Rick A. Lepley, Chief Executive Officer, said, "Mike
has done a terrific job of seamlessly assuming the role of Chief
Financial Officer. He has been and will continue to be an integral part
of our senior management team during the Company’s
turnaround efforts.”
Mr. Zawoysky said, "I am excited to be part of
the senior management team. I believe that A.C. Moore is taking the
right steps to build a solid foundation for future profitability and I
am looking forward to continuing to contribute to the Company’s
long-term success.”
About A.C. Moore:
A.C. Moore is a specialty retailer of arts, crafts and floral
merchandise for a wide range of customers. The Company currently serves
customers through its 135 stores located in the Eastern United States
from Maine to Florida and nationally via its e-commerce site, www.acmoore.com.
For more information about A.C. Moore, visit our website at www.acmoore.com.
This press release contains statements that are forward-looking
within the meaning of applicable federal securities laws and are based
on A.C. Moore's current expectations and assumptions as of this date.
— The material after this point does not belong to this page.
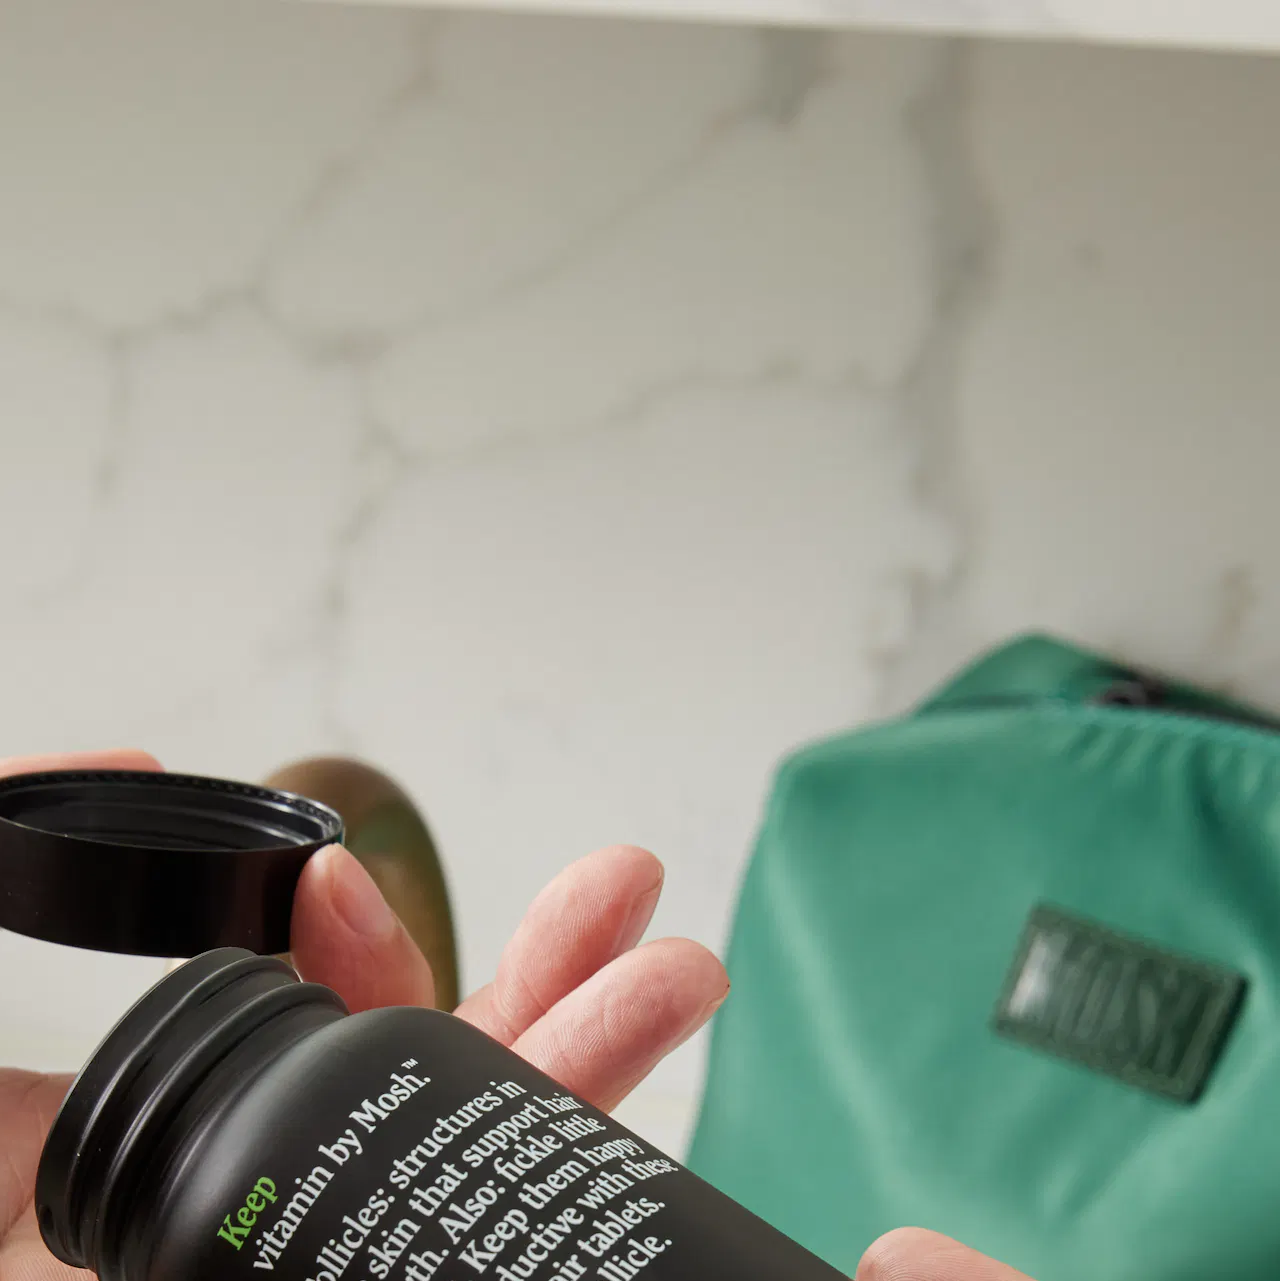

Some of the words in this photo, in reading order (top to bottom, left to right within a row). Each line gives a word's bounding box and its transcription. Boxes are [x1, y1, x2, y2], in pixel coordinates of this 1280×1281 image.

The Company undertakes no obligation to update or revise any
forward-looking statement whether as the result of new developments or
otherwise. These statements are subject to a number of risks and
uncertainties that could cause actual results to differ materially from
those anticipated.
Factors that could cause actual results to
differ from those anticipated include, but are not limited to, our
ability to implement our business and operating initiatives to improve
profitability, how well we manage our growth, customer demand and trends
in the arts and crafts industry, inventory risks, the effect of economic
conditions and gasoline prices, the impact of unfavorable weather
conditions, the impact of competitors’
locations or pricing, difficulties with respect to new system
technologies, difficulties in implementing measures to reduce costs and
expenses and improve margins, supply constraints or difficulties, the
effectiveness of and changes to advertising strategies, difficulties in
determining the outcome and impact of litigation, the accuracy of and
changes in assumptions for estimated costs for the settlement of lease
liabilities and related costs and non-cash fixed asset impairment,
timing in execution of our real estate strategy, the outcome of
negotiations with landlords and other third parties in executing the
real estate strategy, the impact of the threat of terrorist attacks and
war, our ability to maintain an effective system of internal control
over financial reporting, risks related to our recent restatement and
other risks detailed in the Company’s
Securities and Exchange Commission filings.